Yeyé, cada vez que lo veía, le pinchaba las costillas con un dedo y le soltaba
una risita.
La última vez que
Julio Cortázar estuvo en Cuba, desayunamos juntos. Habíamos coincidido en algún
evento, pero buscando intercambiar otras palabras quedamos en vernos un domingo
temprano, en el Hotel Riviera. Yendo para la cita, Haydeé ―que también estaría
en el desayuno―, me iba explicando la situación: Cortázar tenía una nueva compañera,
a la que quería mostrar La Habana. Para que pudiera moverse con comodidad durante
su visita, inicialmente se le había brindado un vehículo con chofer, pero
Julio, cronopio por antonomasia y enemigo de resultar el más mínimo estorbo,
había declinado el carro y a cambio había pedido un par de bicicletas, para
recorrer la ciudad.
―Así que, Silvio, en
algún momento del desayuno tú tienes que decir que no tienes cómo ir a tus
actividades y que necesitas una bicicleta ―me iba instruyendo la heroína del
Moncada, mientras conducía por el Malecón.
―Y ¿eso para qué,
Yeyé?
―Para ver qué dice
Julio, chico ―y me miraba con los ojitos brillantes.
Torpe como soy, me
pasé aquel desayuno desaprovechando los “pies” que Yeyé me ponía en las
narices, retrasando el momento acordado.
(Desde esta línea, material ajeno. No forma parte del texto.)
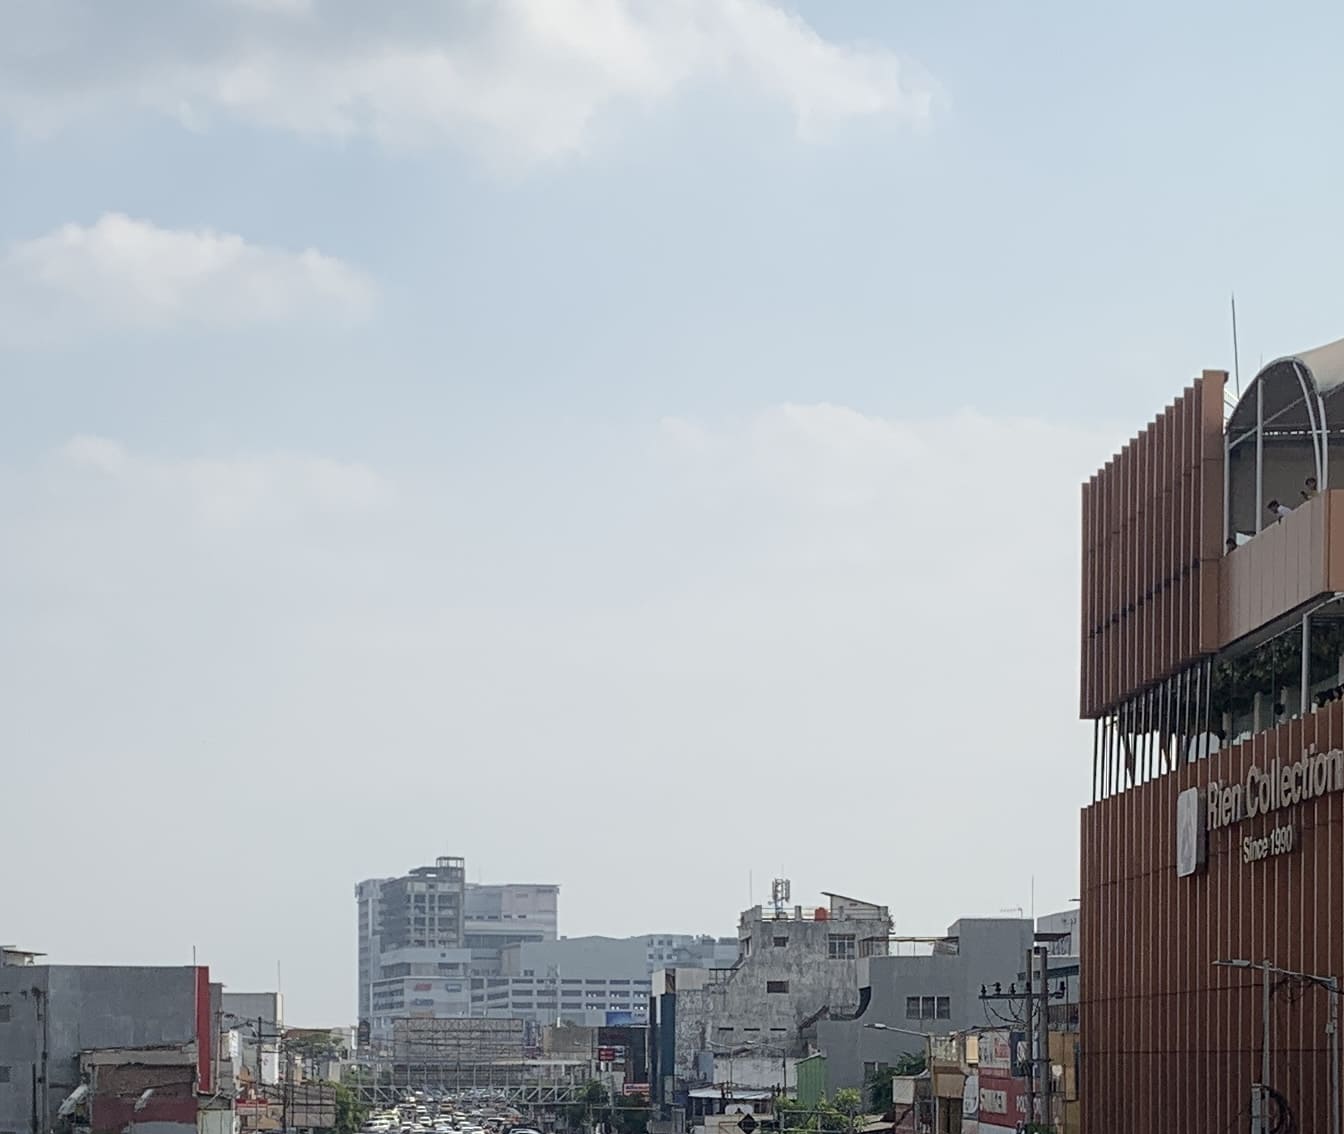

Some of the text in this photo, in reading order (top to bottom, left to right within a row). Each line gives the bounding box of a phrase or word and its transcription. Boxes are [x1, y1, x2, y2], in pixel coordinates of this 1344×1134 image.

[1207, 743, 1344, 831] Rien Collection
[1243, 824, 1293, 864] Since 1990
Yo me sentía en conflicto, porque por
una parte me daba pena la candidez de Julio y por otra no quería defraudar a mi
cómplice, dejando de hacer mi papel. Para no hacer más largo el cuento: cuando
por fin logré decir que necesitaba una bicicleta, Julio reaccionó con su bondad
proverbial, diciendo que casualmente él tenía dos y que con gusto me prestaba
una. Aquel momento fue la eclosión de la mañana: la carcajada de Yeyé, mi cara
de tomate y el rostro primero desconcertado de Cortázar, tratando de llegar al
entendimiento, hasta que por fin arqueó las cejas y empezó a menear la cabeza, escuchando
decir a nuestra amiga:
―¡Oye eso, Julio!
¡Con la escasez de bicicletas que tenemos…!
28 de enero, 2003.
(*): Tronar, en lenguaje
callejero: destituir del cargo.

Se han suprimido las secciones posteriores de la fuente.